# [Task objective]
An exact transcription of the entries is required, with none of the pictures carried over.

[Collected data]
::::

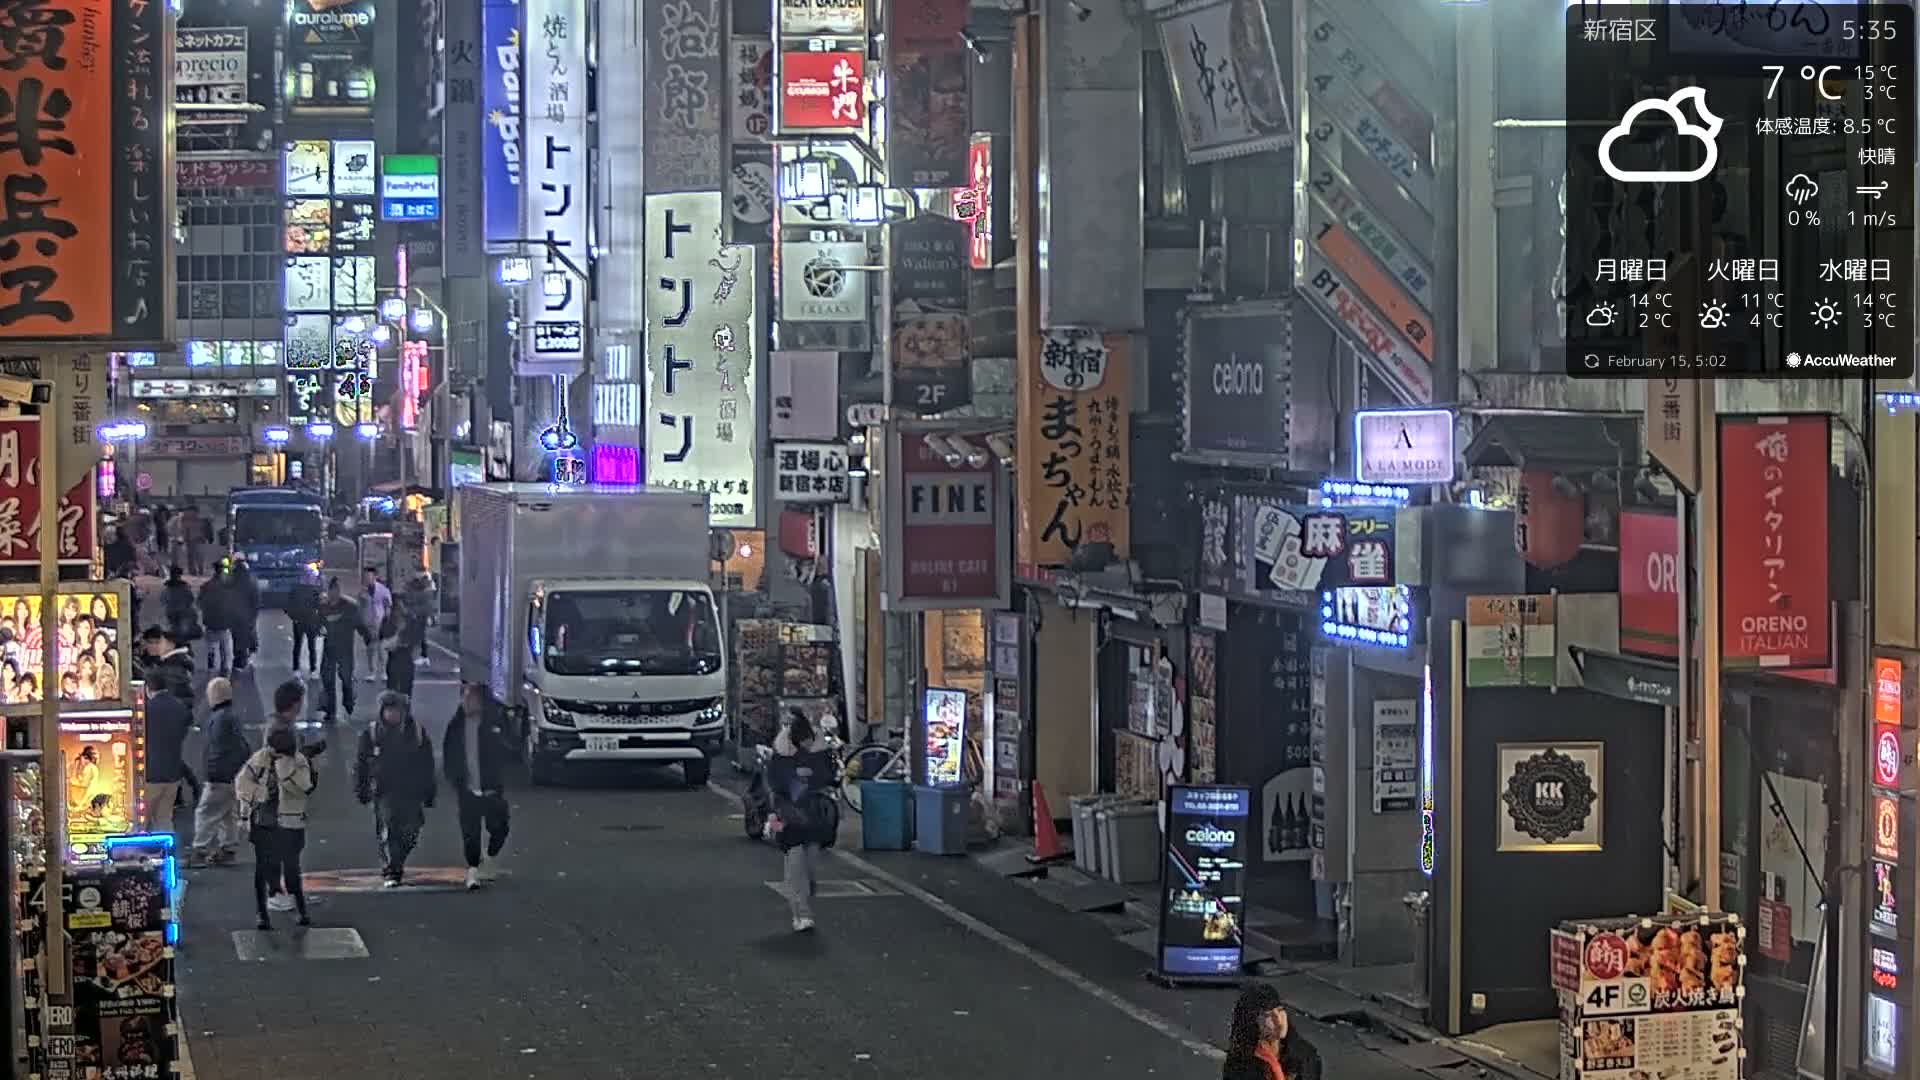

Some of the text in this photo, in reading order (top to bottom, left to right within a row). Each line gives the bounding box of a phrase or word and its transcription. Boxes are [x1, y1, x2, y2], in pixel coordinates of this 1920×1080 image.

[1314, 22, 1334, 42] 5
[830, 59, 859, 120] 牛門
[1313, 73, 1334, 92] 4
[1315, 122, 1334, 142] 3
[1314, 172, 1334, 193] 2
[1312, 268, 1340, 298] B1
[660, 209, 693, 462] トントン
[1212, 352, 1263, 394] celona
[71, 353, 92, 445] 通り一番街
[917, 386, 946, 404] 2F
[779, 450, 844, 471] 酒場心
[1041, 395, 1085, 548] まっちゃん
[779, 475, 844, 493] 新宿本店
[911, 485, 987, 513] FINE
[1350, 519, 1390, 535] フリー
[1754, 430, 1789, 604] 俺のイタリアン
[1647, 552, 1678, 592] OR
[1741, 616, 1808, 633] ORENO
[1740, 633, 1808, 651] ITALIAN
[1535, 782, 1564, 799] KK
[1186, 828, 1236, 843] celona
[1587, 985, 1619, 1008] 4F
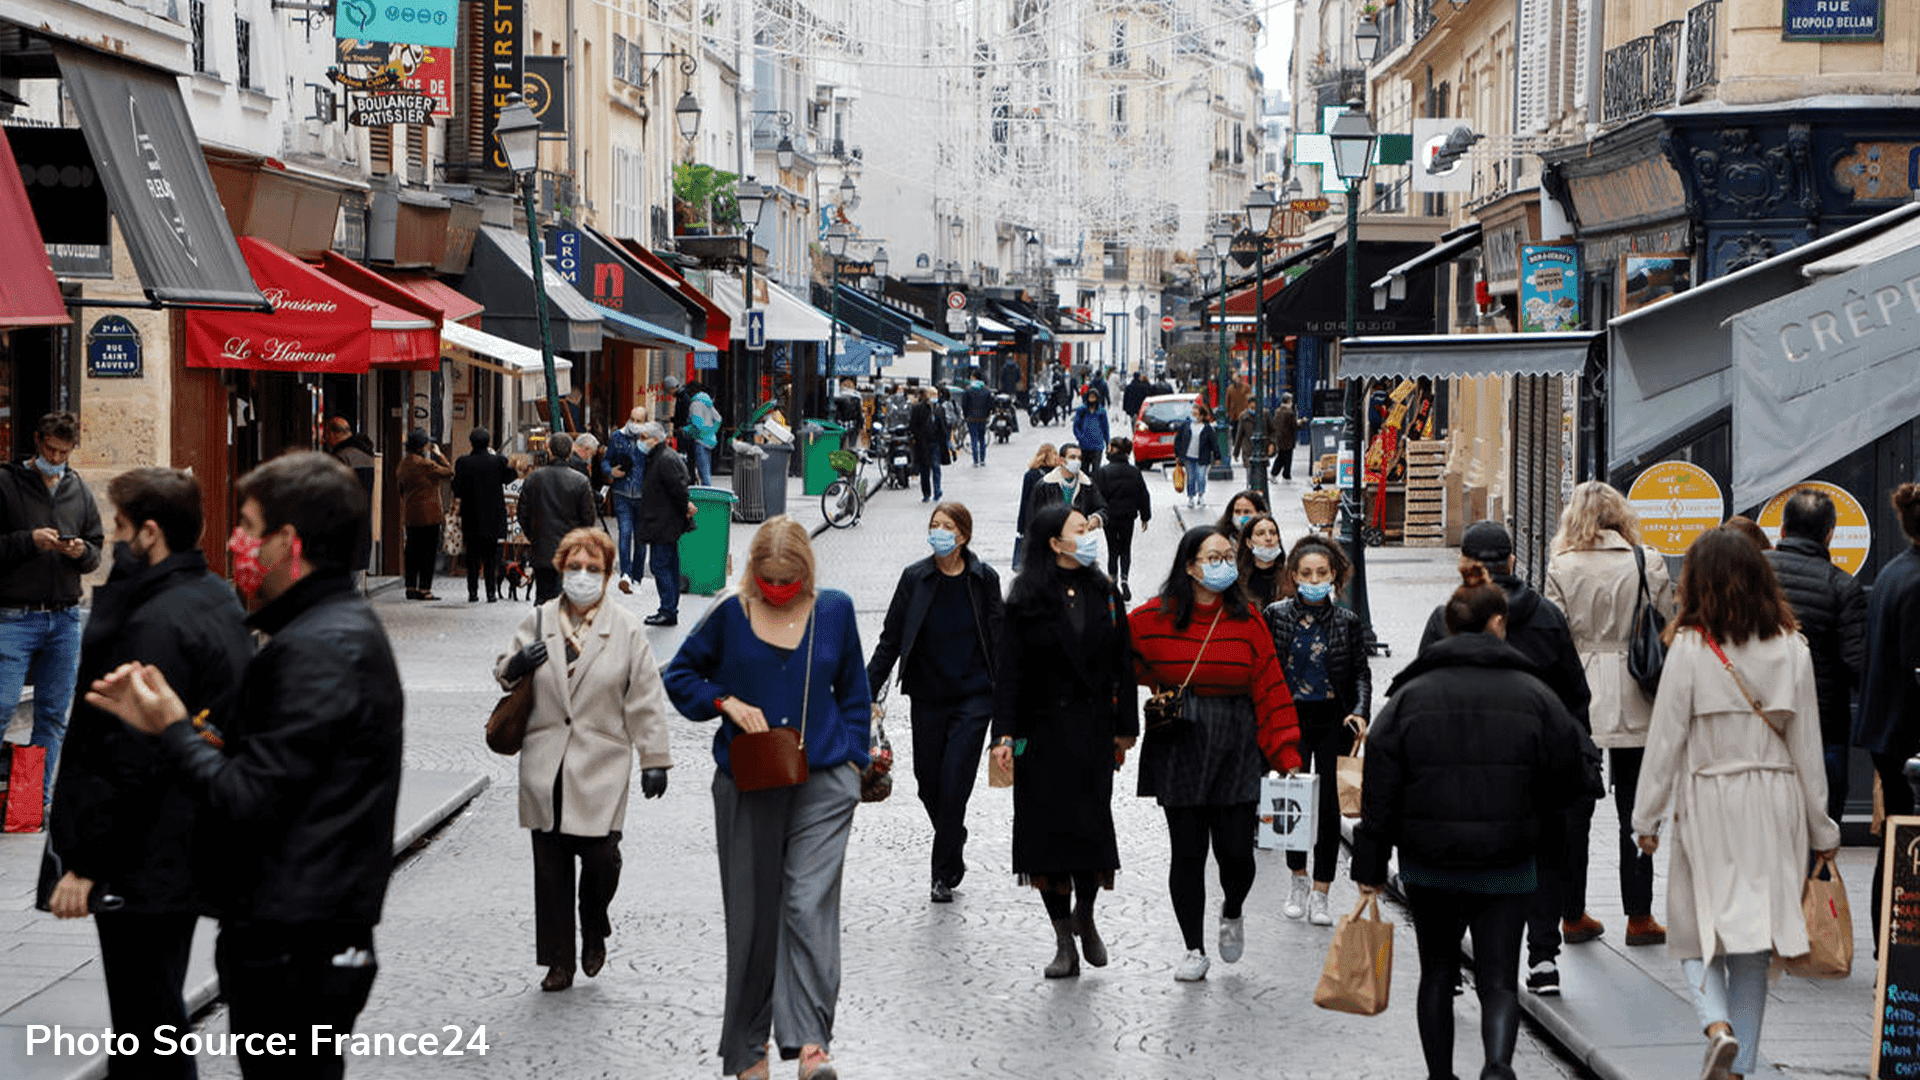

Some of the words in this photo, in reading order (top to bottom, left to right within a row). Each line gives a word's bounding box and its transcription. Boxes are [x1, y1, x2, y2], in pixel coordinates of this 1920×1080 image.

[1817, 0, 1849, 12] RUE
[1792, 16, 1835, 29] LEOPOLD
[1836, 15, 1874, 28] BELLAN
[431, 79, 446, 94] DE
[357, 94, 432, 112] BOULANGER
[360, 109, 425, 125] PATISSIER
[561, 233, 577, 282] GROM
[261, 287, 337, 312] Brasserie
[106, 344, 122, 352] RUE
[220, 336, 252, 360] Le
[261, 337, 337, 362] Havane
[102, 352, 127, 360] SAINT
[95, 361, 135, 369] SAUVEUR

::::

# [Task solution]
Some of the text in this photo, in reading order (top to bottom, left to right within a row). Each line gives the bounding box of a phrase or word and its transcription. Boxes are [x1, y1, x2, y2], in pixel coordinates of this 1920×1080 image.

[1314, 22, 1334, 42] 5
[830, 59, 859, 120] 牛門
[1313, 73, 1334, 92] 4
[1315, 122, 1334, 142] 3
[1314, 172, 1334, 193] 2
[1312, 268, 1340, 298] B1
[660, 209, 693, 462] トントン
[1212, 352, 1263, 394] celona
[71, 353, 92, 445] 通り一番街
[917, 386, 946, 404] 2F
[779, 450, 844, 471] 酒場心
[1041, 395, 1085, 548] まっちゃん
[779, 475, 844, 493] 新宿本店
[911, 485, 987, 513] FINE
[1350, 519, 1390, 535] フリー
[1754, 430, 1789, 604] 俺のイタリアン
[1647, 552, 1678, 592] OR
[1741, 616, 1808, 633] ORENO
[1740, 633, 1808, 651] ITALIAN
[1535, 782, 1564, 799] KK
[1186, 828, 1236, 843] celona
[1587, 985, 1619, 1008] 4F

Some of the words in this photo, in reading order (top to bottom, left to right within a row). Each line gives a word's bounding box and its transcription. Boxes are [x1, y1, x2, y2], in pixel coordinates of this 1920×1080 image.

[1817, 0, 1849, 12] RUE
[1792, 16, 1835, 29] LEOPOLD
[1836, 15, 1874, 28] BELLAN
[431, 79, 446, 94] DE
[357, 94, 432, 112] BOULANGER
[360, 109, 425, 125] PATISSIER
[561, 233, 577, 282] GROM
[261, 287, 337, 312] Brasserie
[106, 344, 122, 352] RUE
[220, 336, 252, 360] Le
[261, 337, 337, 362] Havane
[102, 352, 127, 360] SAINT
[95, 361, 135, 369] SAUVEUR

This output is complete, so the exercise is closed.